> _Action item_:
Set down each of the records below exactly as it reads. No pictures go into the copy.

[Referring expression grounding data]
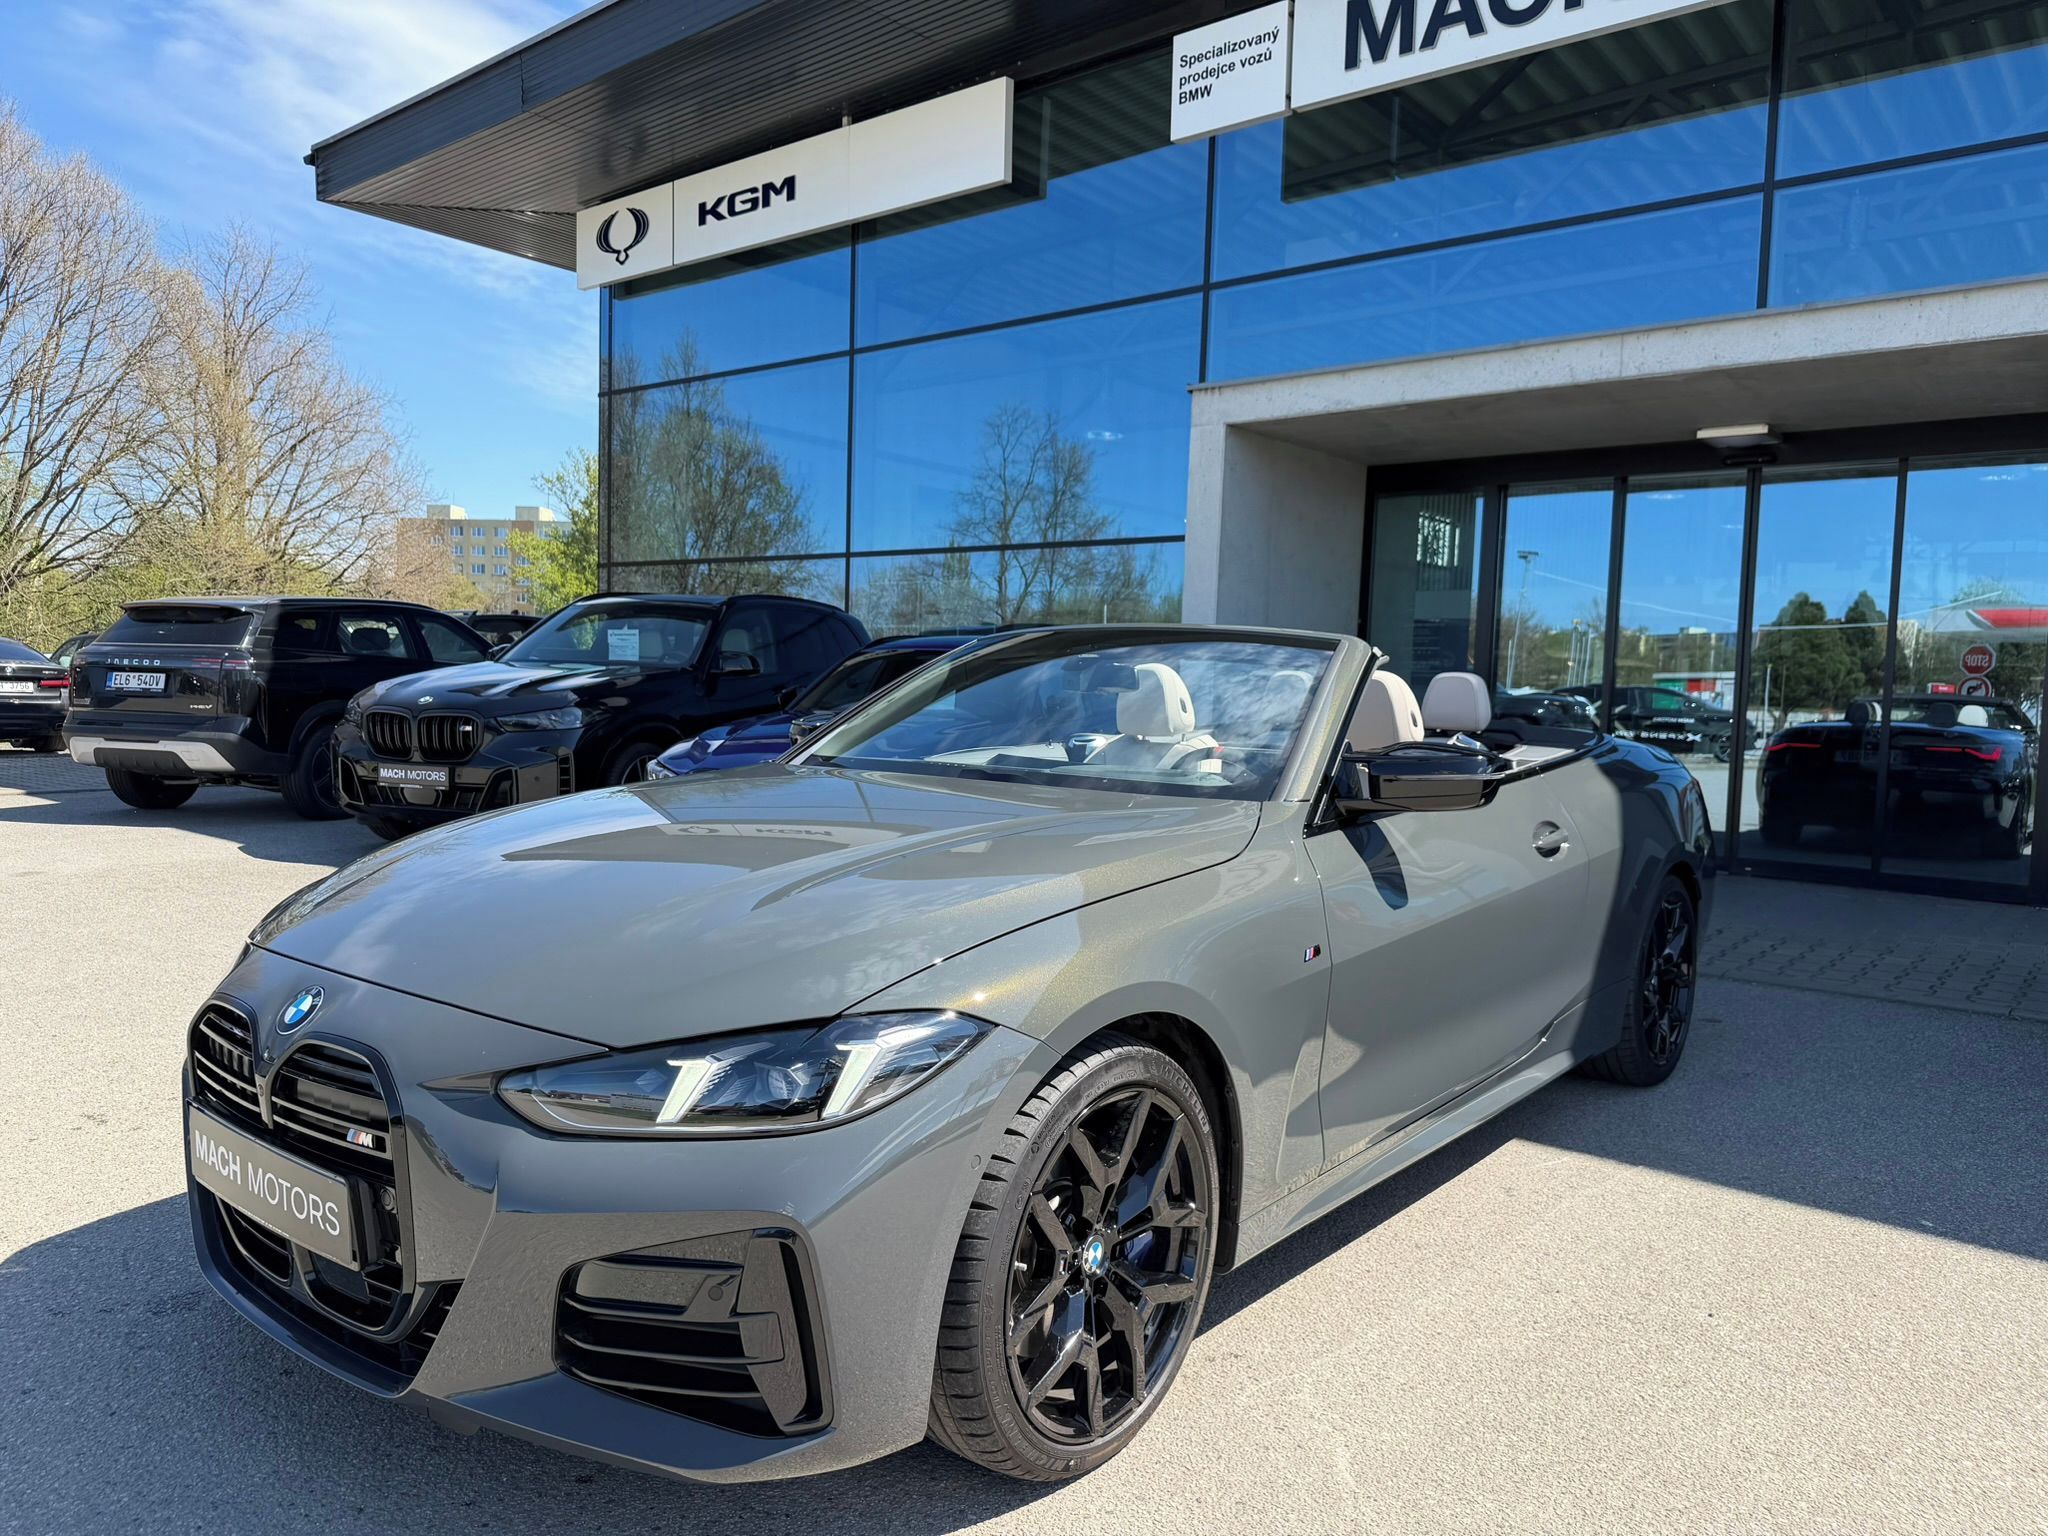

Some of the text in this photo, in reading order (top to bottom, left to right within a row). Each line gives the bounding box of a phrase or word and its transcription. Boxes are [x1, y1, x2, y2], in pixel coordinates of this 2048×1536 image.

[1179, 25, 1280, 69] Specializovaný
[1345, 0, 1585, 71] MA
[1179, 47, 1273, 90] prodejce vozů
[1178, 83, 1214, 106] BMW
[698, 174, 796, 228] KGM
[113, 673, 162, 688] EL6 54DV
[380, 768, 446, 782] MACH MOTORS
[195, 1130, 241, 1185] MACH
[247, 1161, 340, 1236] MOTORS

> _Response box_:
Some of the text in this photo, in reading order (top to bottom, left to right within a row). Each line gives the bounding box of a phrase or word and its transcription. Boxes are [x1, y1, x2, y2], in pixel coordinates of this 2048×1536 image.

[1179, 25, 1280, 69] Specializovaný
[1345, 0, 1585, 71] MA
[1179, 47, 1273, 90] prodejce vozů
[1178, 83, 1214, 106] BMW
[698, 174, 796, 228] KGM
[113, 673, 162, 688] EL6 54DV
[380, 768, 446, 782] MACH MOTORS
[195, 1130, 241, 1185] MACH
[247, 1161, 340, 1236] MOTORS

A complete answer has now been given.